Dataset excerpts
+---+
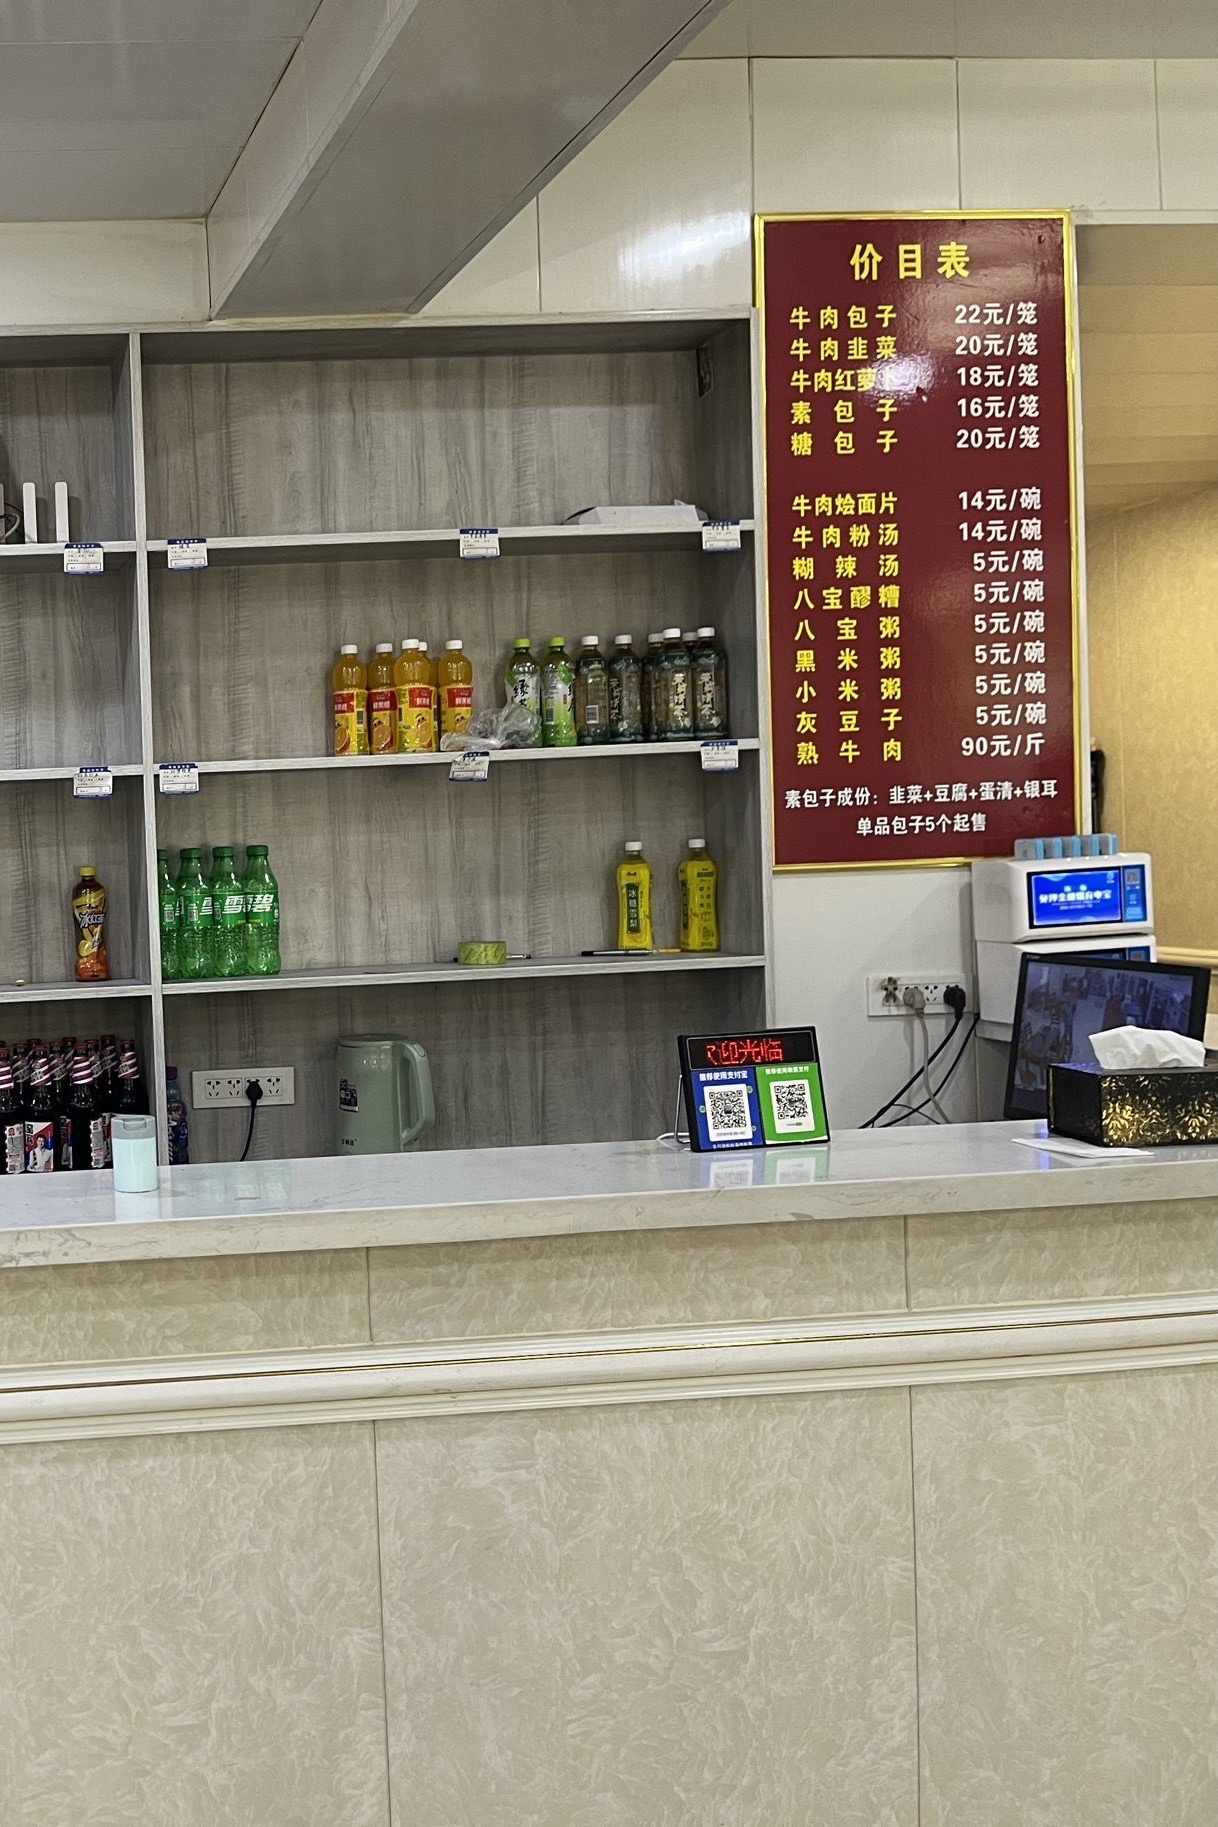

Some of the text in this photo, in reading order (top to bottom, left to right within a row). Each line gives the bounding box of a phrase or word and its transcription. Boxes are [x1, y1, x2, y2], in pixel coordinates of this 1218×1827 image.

[850, 242, 969, 280] 价目表
[790, 302, 1037, 329] 牛肉包子 22元/笼
[790, 333, 1038, 361] 牛肉韭菜 20元/笼
[957, 364, 1039, 388] 18元/笼
[791, 395, 1039, 424] 素包子 16元/笼
[791, 426, 1040, 456] 糖包子 20元/笼
[792, 487, 1041, 517] 牛肉烩面片 14元/碗
[793, 518, 1042, 548] 牛肉粉汤 14元/碗
[793, 550, 1044, 580] 糊辣汤 5元/碗
[794, 579, 1044, 610] 八宝醪糟 5元/碗
[794, 610, 1045, 641] 八宝粥 5元/碗
[795, 641, 1046, 672] 黑米粥 5元/碗
[796, 672, 1046, 703] 小米粥 5元/碗
[796, 702, 1046, 734] 灰豆子 5元/碗
[797, 733, 1045, 766] 熟牛肉 90元/斤
[857, 813, 987, 836] 单品包子5个起售
+---+
For your answer, write out the data exactly and drop every picture.

Some of the text in this photo, in reading order (top to bottom, left to right within a row). Each line gives the bounding box of a phrase or word and its transcription. Boxes are [x1, y1, x2, y2], in pixel coordinates of this 1218×1827 image.

[850, 242, 969, 280] 价目表
[790, 302, 1037, 329] 牛肉包子 22元/笼
[790, 333, 1038, 361] 牛肉韭菜 20元/笼
[957, 364, 1039, 388] 18元/笼
[791, 395, 1039, 424] 素包子 16元/笼
[791, 426, 1040, 456] 糖包子 20元/笼
[792, 487, 1041, 517] 牛肉烩面片 14元/碗
[793, 518, 1042, 548] 牛肉粉汤 14元/碗
[793, 550, 1044, 580] 糊辣汤 5元/碗
[794, 579, 1044, 610] 八宝醪糟 5元/碗
[794, 610, 1045, 641] 八宝粥 5元/碗
[795, 641, 1046, 672] 黑米粥 5元/碗
[796, 672, 1046, 703] 小米粥 5元/碗
[796, 702, 1046, 734] 灰豆子 5元/碗
[797, 733, 1045, 766] 熟牛肉 90元/斤
[857, 813, 987, 836] 单品包子5个起售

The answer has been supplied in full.